This piece represents the opinion of the author.
Amira Oguntoyinbo

Since the publishing of the article “Rename the orient,” I have been closely following the comments, discourse and Letters to the Editor regarding Emily Ha’s opinion piece, both on the Orient website and on Facebook. As a Chinese-American with a degree in Asian Studies who is also finishing a masters in Chinese Language and Culture, I take enough personal interest to engage with members of the Bowdoin community on this topic. It seems a majority of the comments I’ve read strongly disagree with her argument, as many cite the Latin origins of “orient.” I get it, and I agree: the word “orient” here is far-removed from the context of Orientalism and anti-Asian racism.

Take the word “chink,” for example. I distinctly remember when, during a high school lacrosse game, I failed to make a save and immediately heard “a chink in the armor” shouted from the sidelines (from my own teammates!). Being in a predominantly white institution and playing a predominantly white sport (in a specialized position, no less), I had no doubt in my mind what the wordplay here meant and that my teammates knew exactly what they were doing. As clever as I found the pun, I called them out after the game. But, if “a chink in the armor” is used in the context of medieval knights, per se, I’m not going to fault anyone for such usage–here, there is no inherent racist connotation. Now, for those of you who have read up to this point and thought, “see, this guy is Asian, and he agrees with me!”–calm down. While I may agree with you, I’m not here to provide Asian affirmation.

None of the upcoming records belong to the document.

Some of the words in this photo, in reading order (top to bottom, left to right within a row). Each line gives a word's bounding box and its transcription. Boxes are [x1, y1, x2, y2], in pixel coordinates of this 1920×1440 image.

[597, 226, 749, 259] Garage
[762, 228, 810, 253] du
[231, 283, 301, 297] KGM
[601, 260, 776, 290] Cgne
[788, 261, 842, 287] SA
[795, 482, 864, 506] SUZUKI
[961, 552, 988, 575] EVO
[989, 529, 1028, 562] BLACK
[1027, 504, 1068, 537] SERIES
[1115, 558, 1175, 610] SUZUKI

Context matters–and this is exactly why I disagree with Ha. But more pressingly, this is why I fully support and understand where she is coming from, which many of you seemingly have failed to do, at least publicly. Given what she has encountered at Bowdoin, I can understand why she flinches at the word “orient,” even if the word isn’t racist in the situation. Maybe her argument is weak, but what is also weak is how individuals have mocked the validity of Ha’s experiences and met her arguments with a tone of condescension, as if she is not to be taken seriously. Who are we to deny her experiences at Bowdoin?

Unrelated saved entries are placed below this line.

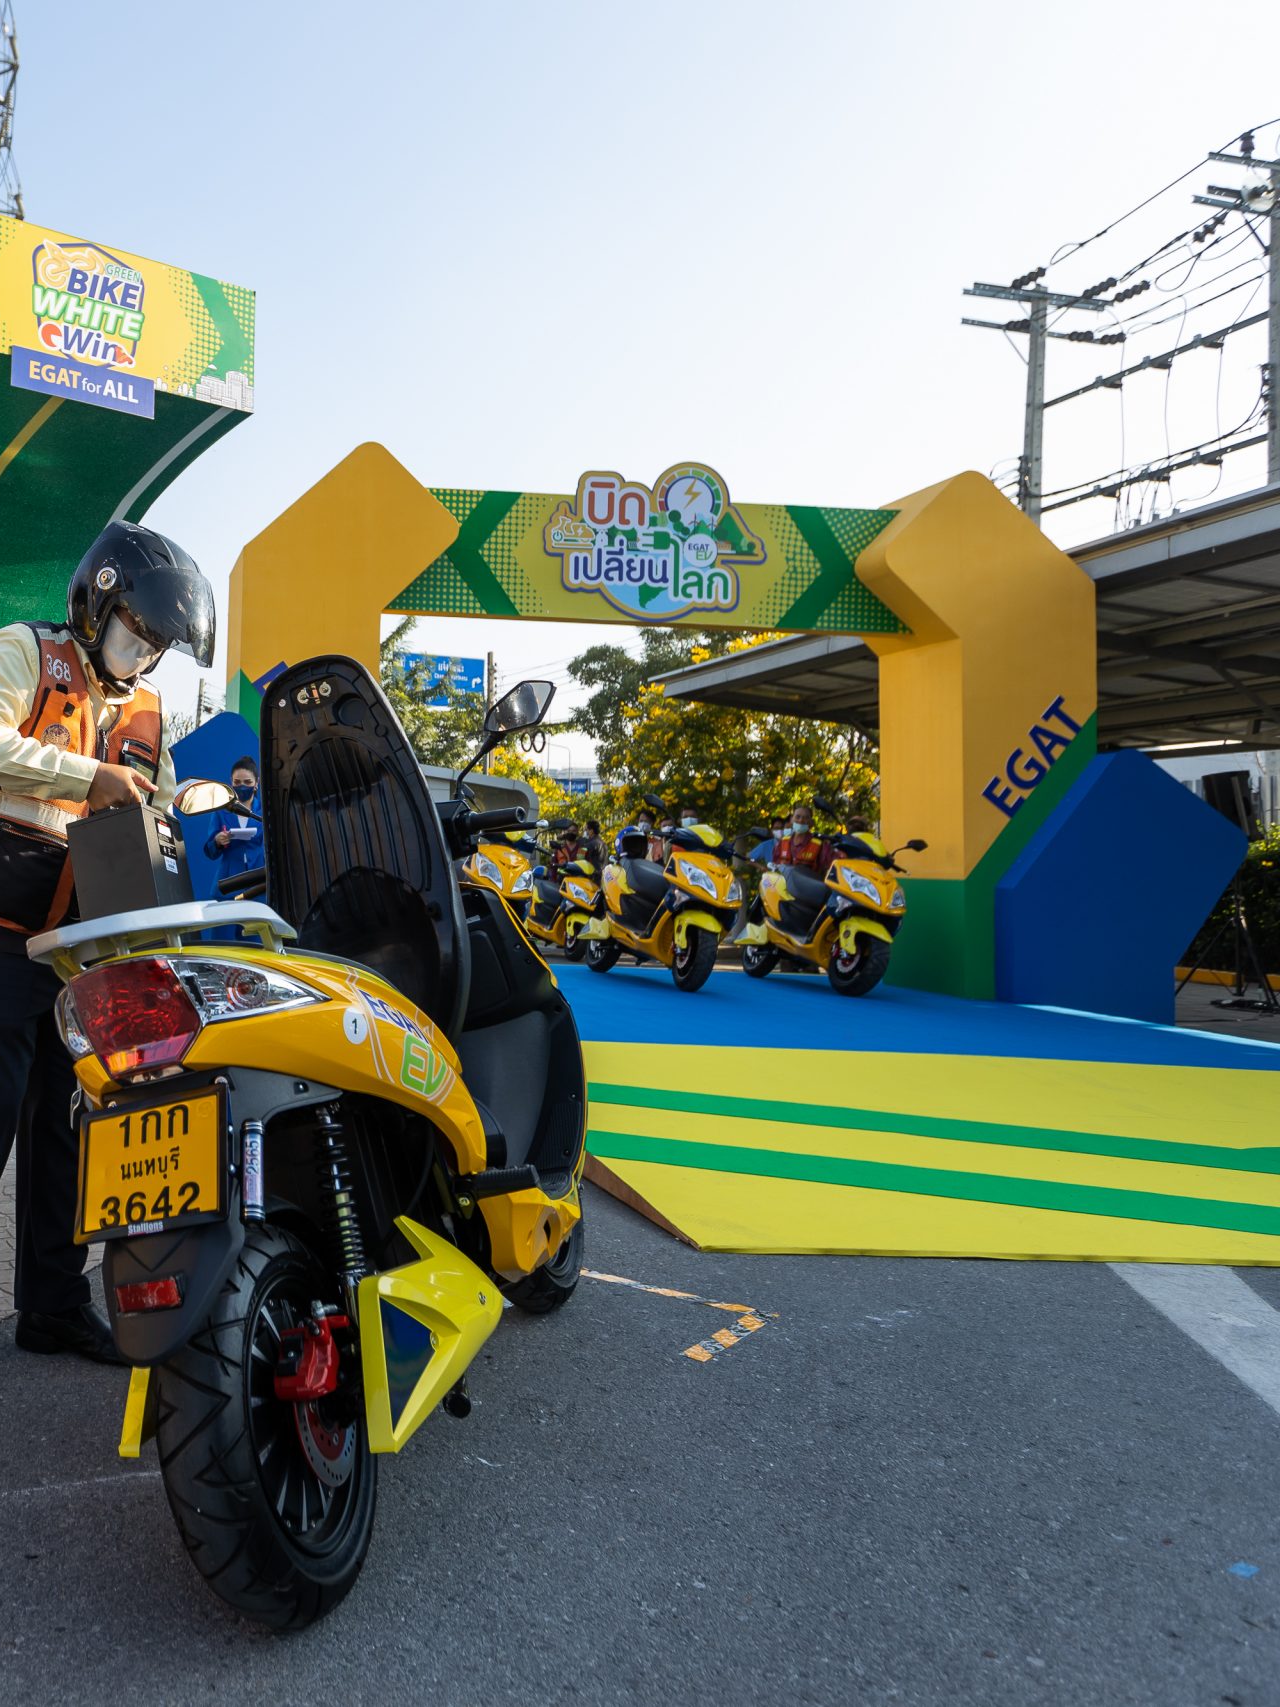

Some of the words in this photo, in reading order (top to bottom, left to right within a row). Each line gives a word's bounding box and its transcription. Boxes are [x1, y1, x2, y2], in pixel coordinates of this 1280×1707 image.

[67, 268, 140, 311] BIKE
[105, 263, 141, 284] GREEN
[32, 284, 145, 341] WHITE
[29, 359, 81, 389] EGAT
[81, 377, 102, 395] for
[103, 379, 138, 404] ALL
[587, 481, 646, 527] บิด
[687, 542, 710, 551] EGAT
[46, 653, 72, 682] 368
[982, 694, 1082, 819] EGAT
[351, 1018, 358, 1035] 1
[400, 1031, 448, 1097] EV
[119, 1103, 189, 1148] 1กก
[120, 1145, 180, 1181] นนทบุรี
[99, 1181, 201, 1230] 3642

Some Asian-American alumni and students have asserted that their experiences at Bowdoin have been markedly different from Ha’s, but those anecdotes don’t debunk the existence of racism at Bowdoin, nor do they act as a direct counter to nullify her experiences. And I’m sure some people are reading this and bemoaning how I dare call out Bowdoin when I’ve had such an immense privilege to attend (which is just a shade of “if you don’t like it here in the U.S., go back to your country”). Yes, it was an immense privilege for which I am grateful, but not all of us entered Bowdoin with the same amount of privilege, nor have all of us left with the same amount of privilege.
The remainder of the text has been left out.